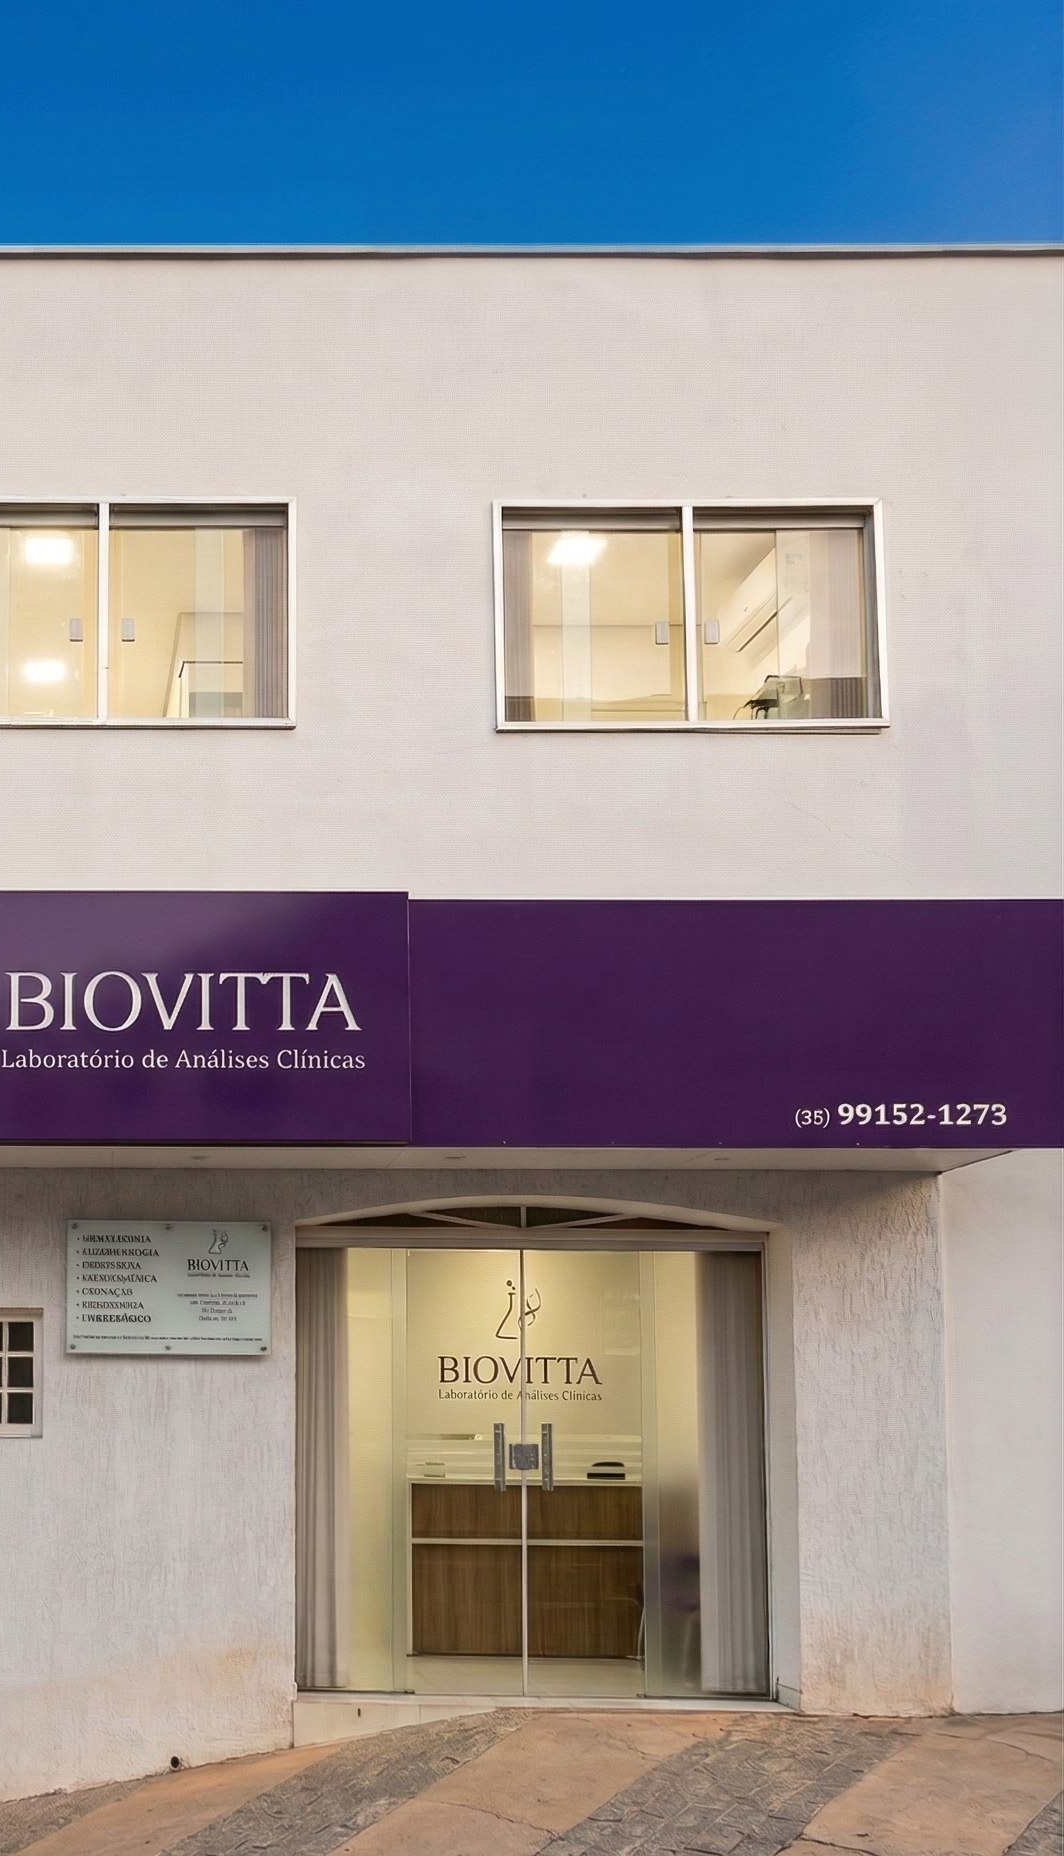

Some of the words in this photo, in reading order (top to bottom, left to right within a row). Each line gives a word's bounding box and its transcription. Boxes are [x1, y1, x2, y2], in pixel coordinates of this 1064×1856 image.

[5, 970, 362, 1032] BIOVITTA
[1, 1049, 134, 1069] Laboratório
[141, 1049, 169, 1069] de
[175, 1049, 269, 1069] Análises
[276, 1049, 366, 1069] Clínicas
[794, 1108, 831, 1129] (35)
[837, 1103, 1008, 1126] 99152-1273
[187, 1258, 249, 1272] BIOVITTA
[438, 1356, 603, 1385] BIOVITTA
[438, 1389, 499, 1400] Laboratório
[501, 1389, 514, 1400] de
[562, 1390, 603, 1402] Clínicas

#### [What you will do]
This exercise asks for the data above to be given again exactly, without pictures.

#### [Result of this task]
Some of the words in this photo, in reading order (top to bottom, left to right within a row). Each line gives a word's bounding box and its transcription. Boxes are [x1, y1, x2, y2], in pixel coordinates of this 1064×1856 image.

[5, 970, 362, 1032] BIOVITTA
[1, 1049, 134, 1069] Laboratório
[141, 1049, 169, 1069] de
[175, 1049, 269, 1069] Análises
[276, 1049, 366, 1069] Clínicas
[794, 1108, 831, 1129] (35)
[837, 1103, 1008, 1126] 99152-1273
[187, 1258, 249, 1272] BIOVITTA
[438, 1356, 603, 1385] BIOVITTA
[438, 1389, 499, 1400] Laboratório
[501, 1389, 514, 1400] de
[562, 1390, 603, 1402] Clínicas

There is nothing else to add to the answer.